▸ Exercise prompt:
An exact copy of the lines from the one containing "this 2048×1536 image." through the final line of the records is the only acceptable answer.

(Saved entries)
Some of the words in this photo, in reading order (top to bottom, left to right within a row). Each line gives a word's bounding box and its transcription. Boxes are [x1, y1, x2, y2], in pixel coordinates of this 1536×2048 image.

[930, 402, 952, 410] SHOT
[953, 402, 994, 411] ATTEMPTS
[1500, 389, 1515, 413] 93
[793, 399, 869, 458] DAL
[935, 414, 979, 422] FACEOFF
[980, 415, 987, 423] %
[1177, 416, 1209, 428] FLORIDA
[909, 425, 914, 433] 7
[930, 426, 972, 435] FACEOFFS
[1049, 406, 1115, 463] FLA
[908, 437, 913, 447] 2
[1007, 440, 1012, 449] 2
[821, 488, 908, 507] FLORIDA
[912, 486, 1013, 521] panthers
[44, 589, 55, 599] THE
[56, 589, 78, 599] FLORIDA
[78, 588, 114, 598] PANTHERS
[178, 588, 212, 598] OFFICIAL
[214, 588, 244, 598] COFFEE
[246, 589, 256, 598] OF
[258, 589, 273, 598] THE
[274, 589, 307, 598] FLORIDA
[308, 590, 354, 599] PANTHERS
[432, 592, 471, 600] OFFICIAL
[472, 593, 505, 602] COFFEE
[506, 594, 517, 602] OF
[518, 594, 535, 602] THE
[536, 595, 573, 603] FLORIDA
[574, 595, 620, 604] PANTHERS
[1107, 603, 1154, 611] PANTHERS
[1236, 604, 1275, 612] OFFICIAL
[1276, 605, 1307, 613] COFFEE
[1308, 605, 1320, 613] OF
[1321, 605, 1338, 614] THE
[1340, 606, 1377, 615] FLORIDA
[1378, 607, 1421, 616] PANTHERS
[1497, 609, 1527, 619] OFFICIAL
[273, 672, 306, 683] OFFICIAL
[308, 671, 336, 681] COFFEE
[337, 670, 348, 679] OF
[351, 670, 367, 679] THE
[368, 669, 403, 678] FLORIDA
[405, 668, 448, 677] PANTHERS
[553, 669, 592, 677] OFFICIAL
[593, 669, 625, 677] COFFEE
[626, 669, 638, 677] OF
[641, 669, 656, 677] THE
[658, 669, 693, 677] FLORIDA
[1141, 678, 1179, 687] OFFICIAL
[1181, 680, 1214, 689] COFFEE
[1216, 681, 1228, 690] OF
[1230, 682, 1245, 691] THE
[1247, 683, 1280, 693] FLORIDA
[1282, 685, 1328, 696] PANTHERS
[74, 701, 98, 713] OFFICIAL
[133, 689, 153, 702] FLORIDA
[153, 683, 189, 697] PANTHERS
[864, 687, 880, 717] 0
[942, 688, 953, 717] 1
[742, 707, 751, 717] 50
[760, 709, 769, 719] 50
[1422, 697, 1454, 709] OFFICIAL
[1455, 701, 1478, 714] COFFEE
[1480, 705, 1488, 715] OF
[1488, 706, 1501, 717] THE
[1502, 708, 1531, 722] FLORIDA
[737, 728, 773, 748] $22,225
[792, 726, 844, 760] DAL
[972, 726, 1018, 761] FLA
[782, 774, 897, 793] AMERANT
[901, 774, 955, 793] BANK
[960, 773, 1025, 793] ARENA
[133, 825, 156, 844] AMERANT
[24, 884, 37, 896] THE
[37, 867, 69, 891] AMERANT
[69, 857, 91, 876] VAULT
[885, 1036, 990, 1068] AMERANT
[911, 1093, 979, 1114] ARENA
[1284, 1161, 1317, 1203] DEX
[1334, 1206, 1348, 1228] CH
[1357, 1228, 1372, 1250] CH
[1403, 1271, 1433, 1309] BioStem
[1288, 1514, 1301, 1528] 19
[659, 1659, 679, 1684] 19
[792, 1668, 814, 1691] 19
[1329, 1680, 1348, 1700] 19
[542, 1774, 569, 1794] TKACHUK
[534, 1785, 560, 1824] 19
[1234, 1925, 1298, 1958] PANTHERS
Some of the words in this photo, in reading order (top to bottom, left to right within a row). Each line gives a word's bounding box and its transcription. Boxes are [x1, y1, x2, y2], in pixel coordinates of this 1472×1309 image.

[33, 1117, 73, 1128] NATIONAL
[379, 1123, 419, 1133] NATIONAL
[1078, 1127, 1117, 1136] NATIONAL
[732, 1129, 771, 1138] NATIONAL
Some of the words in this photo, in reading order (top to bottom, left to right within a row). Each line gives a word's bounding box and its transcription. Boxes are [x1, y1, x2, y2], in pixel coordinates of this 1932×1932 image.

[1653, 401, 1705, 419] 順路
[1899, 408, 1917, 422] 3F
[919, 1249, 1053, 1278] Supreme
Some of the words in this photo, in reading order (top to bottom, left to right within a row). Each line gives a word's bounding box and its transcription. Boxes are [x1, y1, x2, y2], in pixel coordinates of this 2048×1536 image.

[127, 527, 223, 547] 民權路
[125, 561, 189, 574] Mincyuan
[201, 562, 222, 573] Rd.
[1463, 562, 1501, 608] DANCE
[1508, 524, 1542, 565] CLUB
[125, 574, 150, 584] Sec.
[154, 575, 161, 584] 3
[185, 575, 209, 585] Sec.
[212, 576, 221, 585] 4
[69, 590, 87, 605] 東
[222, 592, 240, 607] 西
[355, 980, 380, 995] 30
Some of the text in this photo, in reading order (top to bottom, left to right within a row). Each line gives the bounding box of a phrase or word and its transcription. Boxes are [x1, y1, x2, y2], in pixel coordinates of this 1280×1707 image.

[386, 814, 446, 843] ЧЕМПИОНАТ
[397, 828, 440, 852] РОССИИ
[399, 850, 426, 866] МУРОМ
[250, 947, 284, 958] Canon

▸ Task solution:
Some of the words in this photo, in reading order (top to bottom, left to right within a row). Each line gives a word's bounding box and its transcription. Boxes are [x1, y1, x2, y2], in pixel coordinates of this 2048×1536 image.

[127, 527, 223, 547] 民權路
[125, 561, 189, 574] Mincyuan
[201, 562, 222, 573] Rd.
[1463, 562, 1501, 608] DANCE
[1508, 524, 1542, 565] CLUB
[125, 574, 150, 584] Sec.
[154, 575, 161, 584] 3
[185, 575, 209, 585] Sec.
[212, 576, 221, 585] 4
[69, 590, 87, 605] 東
[222, 592, 240, 607] 西
[355, 980, 380, 995] 30
Some of the text in this photo, in reading order (top to bottom, left to right within a row). Each line gives the bounding box of a phrase or word and its transcription. Boxes are [x1, y1, x2, y2], in pixel coordinates of this 1280×1707 image.

[386, 814, 446, 843] ЧЕМПИОНАТ
[397, 828, 440, 852] РОССИИ
[399, 850, 426, 866] МУРОМ
[250, 947, 284, 958] Canon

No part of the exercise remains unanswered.